Top of Records for this task

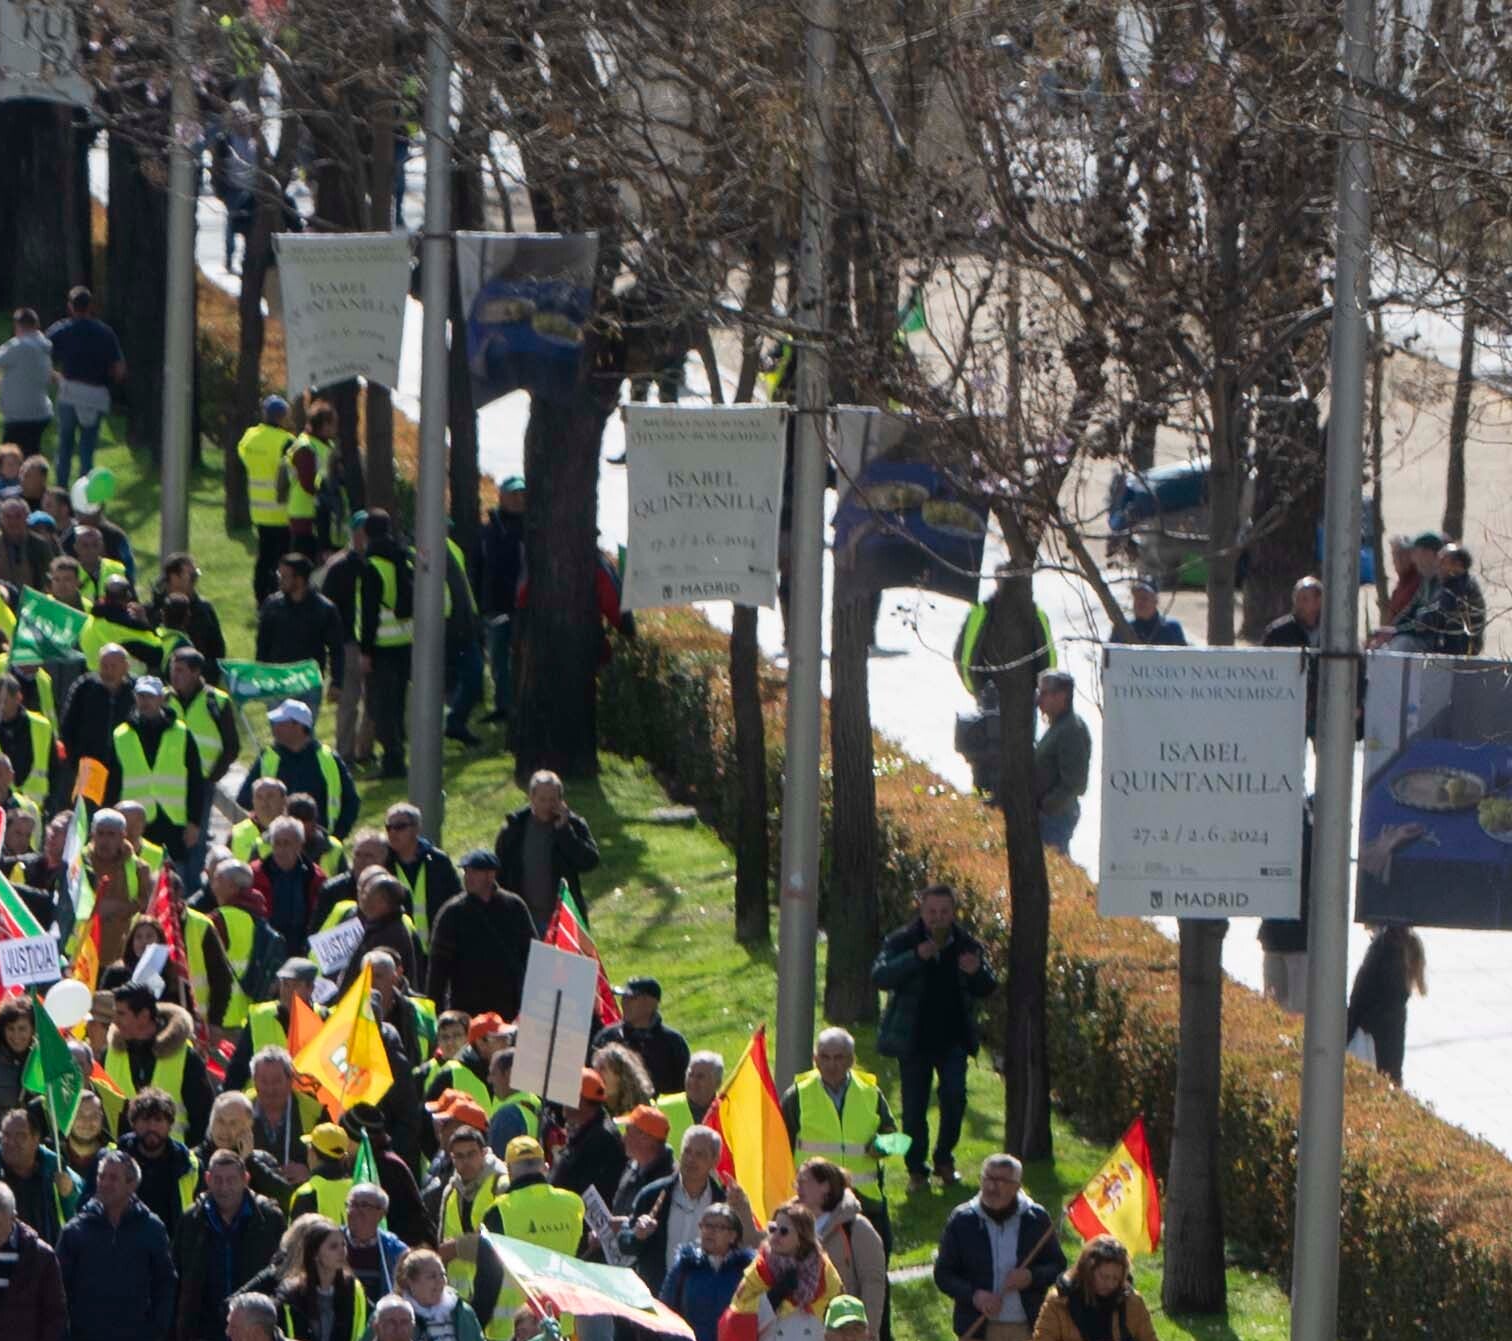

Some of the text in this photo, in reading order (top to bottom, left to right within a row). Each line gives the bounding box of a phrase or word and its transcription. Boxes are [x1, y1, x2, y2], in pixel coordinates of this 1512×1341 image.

[666, 471, 738, 488] ISABEL
[633, 491, 773, 519] QUINTANILLA
[680, 582, 740, 595] MADRID
[1128, 666, 1280, 682] MUSEO NACIONAL
[1112, 685, 1297, 703] THYSSEN-BORNEMISZA
[1158, 741, 1249, 765] ISABEL
[1109, 769, 1294, 798] QUINTANILLA
[1173, 892, 1249, 908] MADRID

Bottom of Records for this task

Your task: An exact copy of the listing is required, excluding any pictures.

Written answer:
Some of the text in this photo, in reading order (top to bottom, left to right within a row). Each line gives the bounding box of a phrase or word and its transcription. Boxes are [x1, y1, x2, y2], in pixel coordinates of this 1512×1341 image.

[666, 471, 738, 488] ISABEL
[633, 491, 773, 519] QUINTANILLA
[680, 582, 740, 595] MADRID
[1128, 666, 1280, 682] MUSEO NACIONAL
[1112, 685, 1297, 703] THYSSEN-BORNEMISZA
[1158, 741, 1249, 765] ISABEL
[1109, 769, 1294, 798] QUINTANILLA
[1173, 892, 1249, 908] MADRID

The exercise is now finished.